Spatial localization data:

○ ○ ○ ○ ○ ○ ○

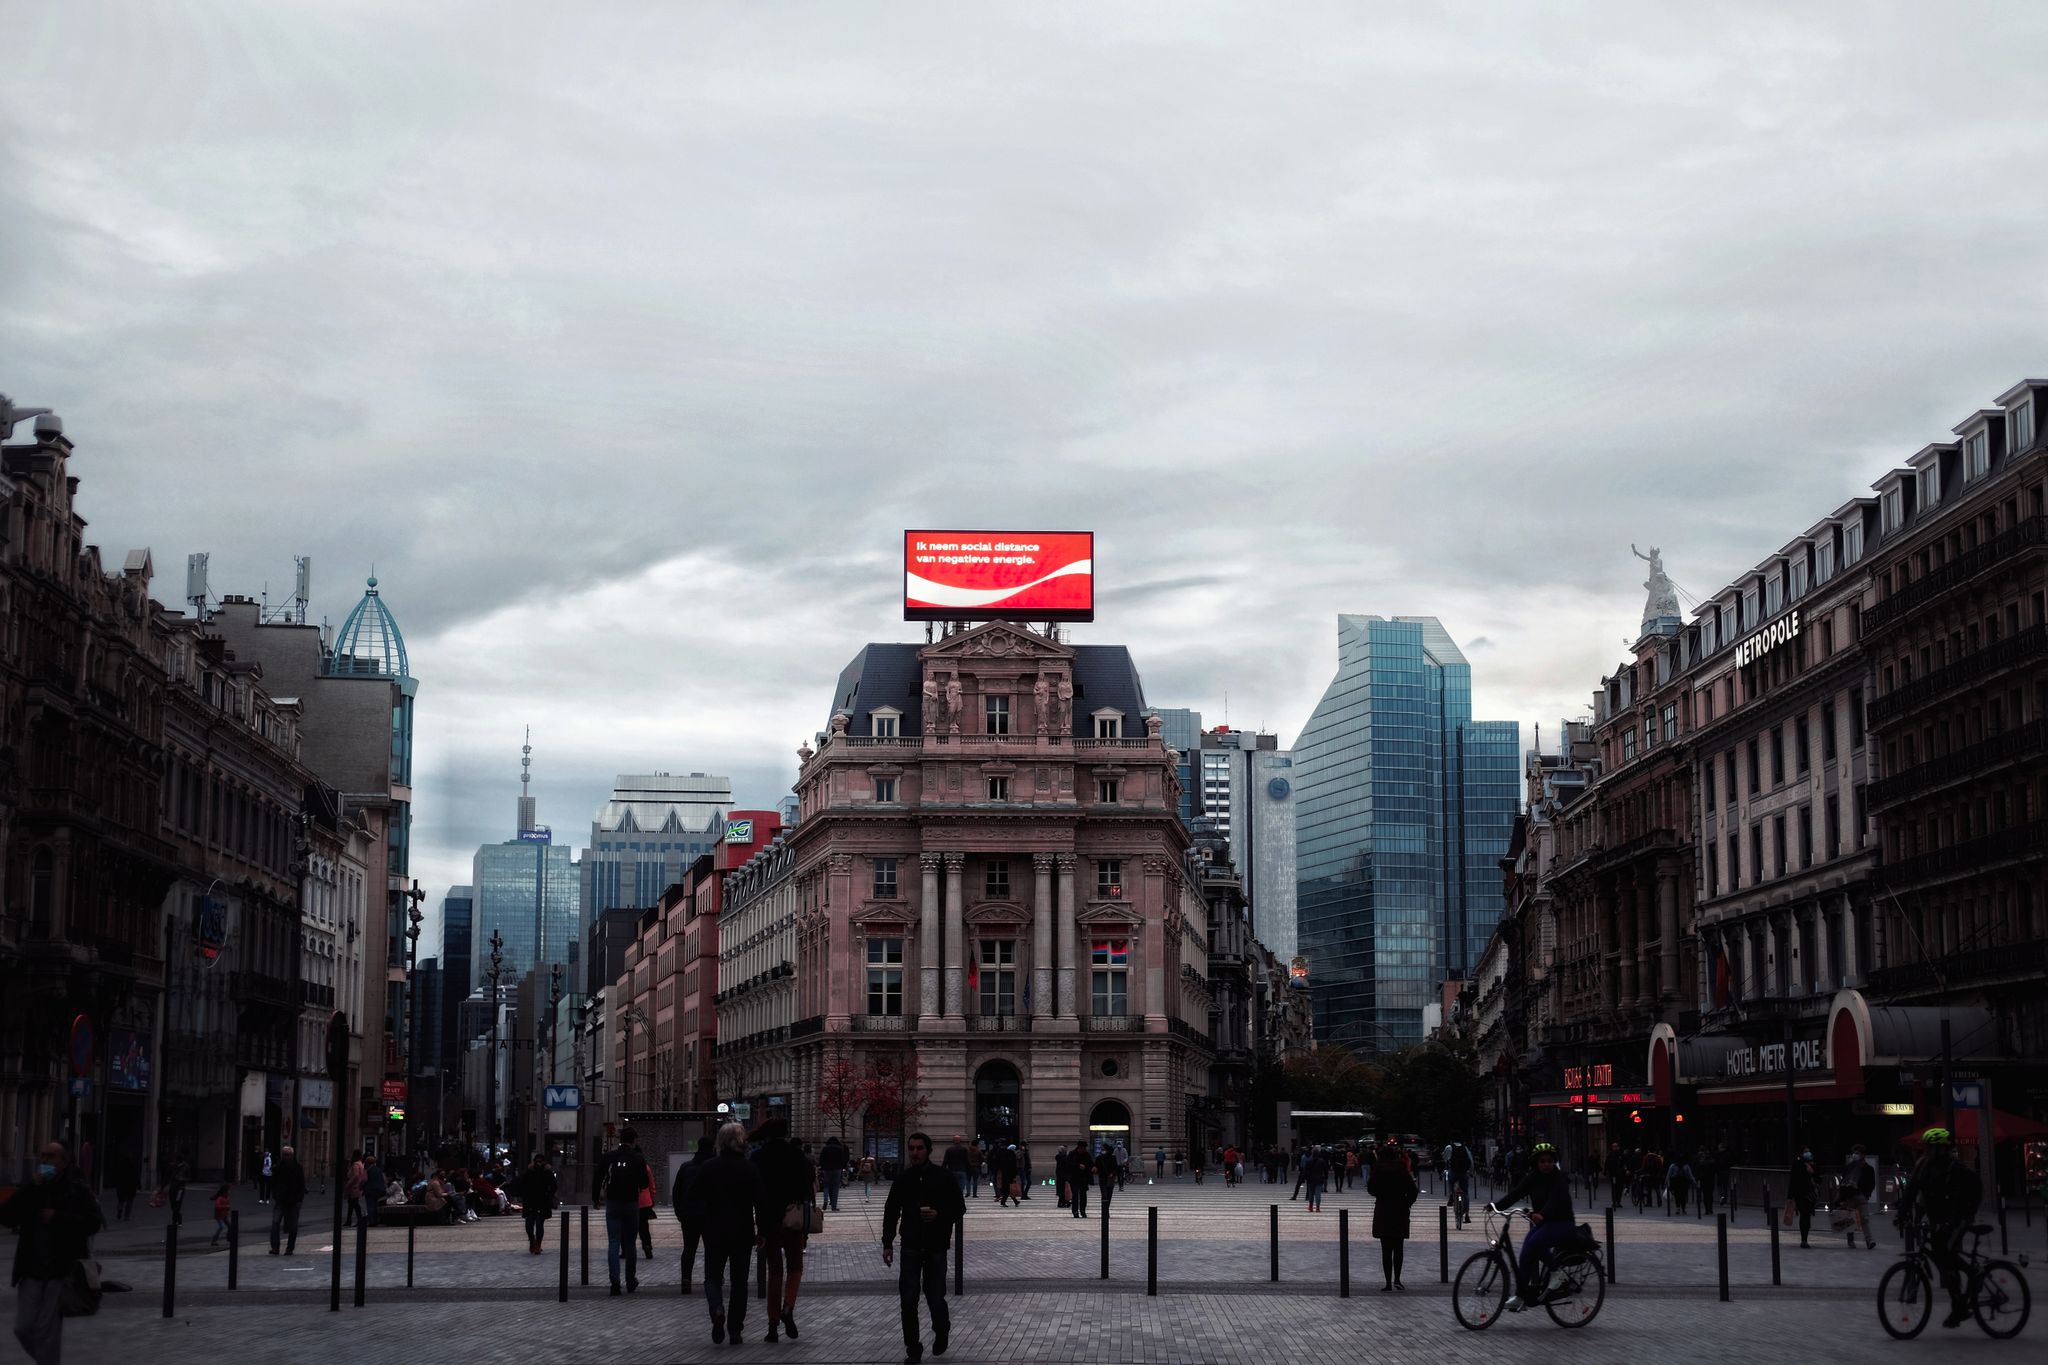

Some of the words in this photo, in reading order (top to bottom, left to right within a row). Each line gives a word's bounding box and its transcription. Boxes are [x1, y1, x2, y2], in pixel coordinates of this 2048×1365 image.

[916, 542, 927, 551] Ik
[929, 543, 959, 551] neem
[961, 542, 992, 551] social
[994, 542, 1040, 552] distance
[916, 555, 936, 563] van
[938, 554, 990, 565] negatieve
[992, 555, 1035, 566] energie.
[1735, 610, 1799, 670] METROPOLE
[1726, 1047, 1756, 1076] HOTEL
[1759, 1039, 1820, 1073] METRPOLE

○ ○ ○ ○ ○ ○ ○

What this task involves.
A verbatim copy of the records is needed, with all images omitted.

Exercise result.
Some of the words in this photo, in reading order (top to bottom, left to right within a row). Each line gives a word's bounding box and its transcription. Boxes are [x1, y1, x2, y2], in pixel coordinates of this 2048×1365 image.

[916, 542, 927, 551] Ik
[929, 543, 959, 551] neem
[961, 542, 992, 551] social
[994, 542, 1040, 552] distance
[916, 555, 936, 563] van
[938, 554, 990, 565] negatieve
[992, 555, 1035, 566] energie.
[1735, 610, 1799, 670] METROPOLE
[1726, 1047, 1756, 1076] HOTEL
[1759, 1039, 1820, 1073] METRPOLE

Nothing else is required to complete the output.